[Exercise input]
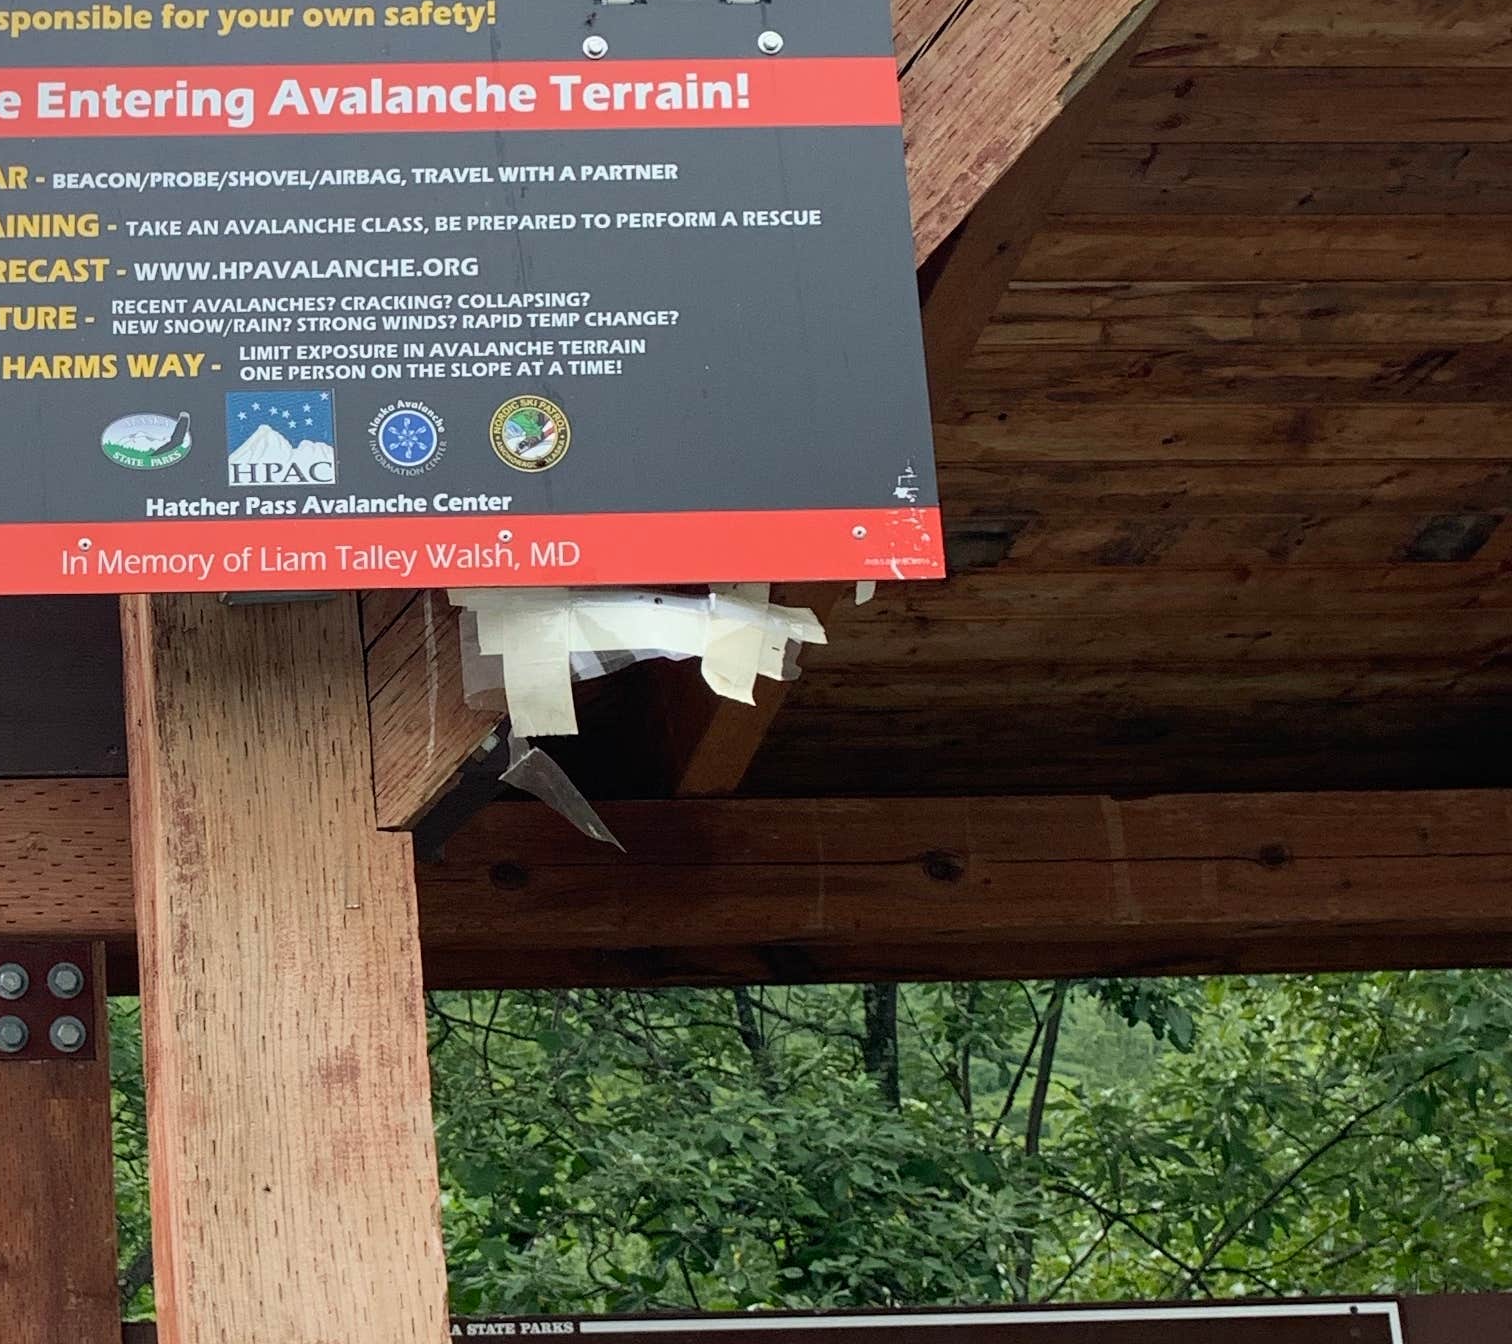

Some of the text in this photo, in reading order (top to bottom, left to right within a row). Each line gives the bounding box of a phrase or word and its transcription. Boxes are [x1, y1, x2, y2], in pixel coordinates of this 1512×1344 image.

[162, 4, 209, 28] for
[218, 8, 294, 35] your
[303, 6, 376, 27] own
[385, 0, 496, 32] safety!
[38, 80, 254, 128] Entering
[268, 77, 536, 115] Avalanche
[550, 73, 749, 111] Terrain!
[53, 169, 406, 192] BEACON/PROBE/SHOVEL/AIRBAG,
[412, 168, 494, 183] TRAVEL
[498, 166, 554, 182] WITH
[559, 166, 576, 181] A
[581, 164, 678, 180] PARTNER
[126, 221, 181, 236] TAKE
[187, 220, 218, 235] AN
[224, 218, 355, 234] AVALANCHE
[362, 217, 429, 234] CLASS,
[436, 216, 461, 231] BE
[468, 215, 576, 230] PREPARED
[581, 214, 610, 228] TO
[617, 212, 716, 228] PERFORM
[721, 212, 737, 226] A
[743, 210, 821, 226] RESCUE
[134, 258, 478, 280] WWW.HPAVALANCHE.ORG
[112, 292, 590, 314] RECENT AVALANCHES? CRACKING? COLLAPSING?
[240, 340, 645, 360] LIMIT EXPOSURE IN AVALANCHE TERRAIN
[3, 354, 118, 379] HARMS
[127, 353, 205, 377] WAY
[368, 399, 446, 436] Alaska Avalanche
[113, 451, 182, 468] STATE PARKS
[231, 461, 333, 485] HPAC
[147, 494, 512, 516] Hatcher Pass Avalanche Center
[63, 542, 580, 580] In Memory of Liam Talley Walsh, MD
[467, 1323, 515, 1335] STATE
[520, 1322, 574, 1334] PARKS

[What the task asks]
I'd like the data above duplicated exactly, with no pictures included.

[Task answer]
Some of the text in this photo, in reading order (top to bottom, left to right within a row). Each line gives the bounding box of a phrase or word and its transcription. Boxes are [x1, y1, x2, y2], in pixel coordinates of this 1512×1344 image.

[162, 4, 209, 28] for
[218, 8, 294, 35] your
[303, 6, 376, 27] own
[385, 0, 496, 32] safety!
[38, 80, 254, 128] Entering
[268, 77, 536, 115] Avalanche
[550, 73, 749, 111] Terrain!
[53, 169, 406, 192] BEACON/PROBE/SHOVEL/AIRBAG,
[412, 168, 494, 183] TRAVEL
[498, 166, 554, 182] WITH
[559, 166, 576, 181] A
[581, 164, 678, 180] PARTNER
[126, 221, 181, 236] TAKE
[187, 220, 218, 235] AN
[224, 218, 355, 234] AVALANCHE
[362, 217, 429, 234] CLASS,
[436, 216, 461, 231] BE
[468, 215, 576, 230] PREPARED
[581, 214, 610, 228] TO
[617, 212, 716, 228] PERFORM
[721, 212, 737, 226] A
[743, 210, 821, 226] RESCUE
[134, 258, 478, 280] WWW.HPAVALANCHE.ORG
[112, 292, 590, 314] RECENT AVALANCHES? CRACKING? COLLAPSING?
[240, 340, 645, 360] LIMIT EXPOSURE IN AVALANCHE TERRAIN
[3, 354, 118, 379] HARMS
[127, 353, 205, 377] WAY
[368, 399, 446, 436] Alaska Avalanche
[113, 451, 182, 468] STATE PARKS
[231, 461, 333, 485] HPAC
[147, 494, 512, 516] Hatcher Pass Avalanche Center
[63, 542, 580, 580] In Memory of Liam Talley Walsh, MD
[467, 1323, 515, 1335] STATE
[520, 1322, 574, 1334] PARKS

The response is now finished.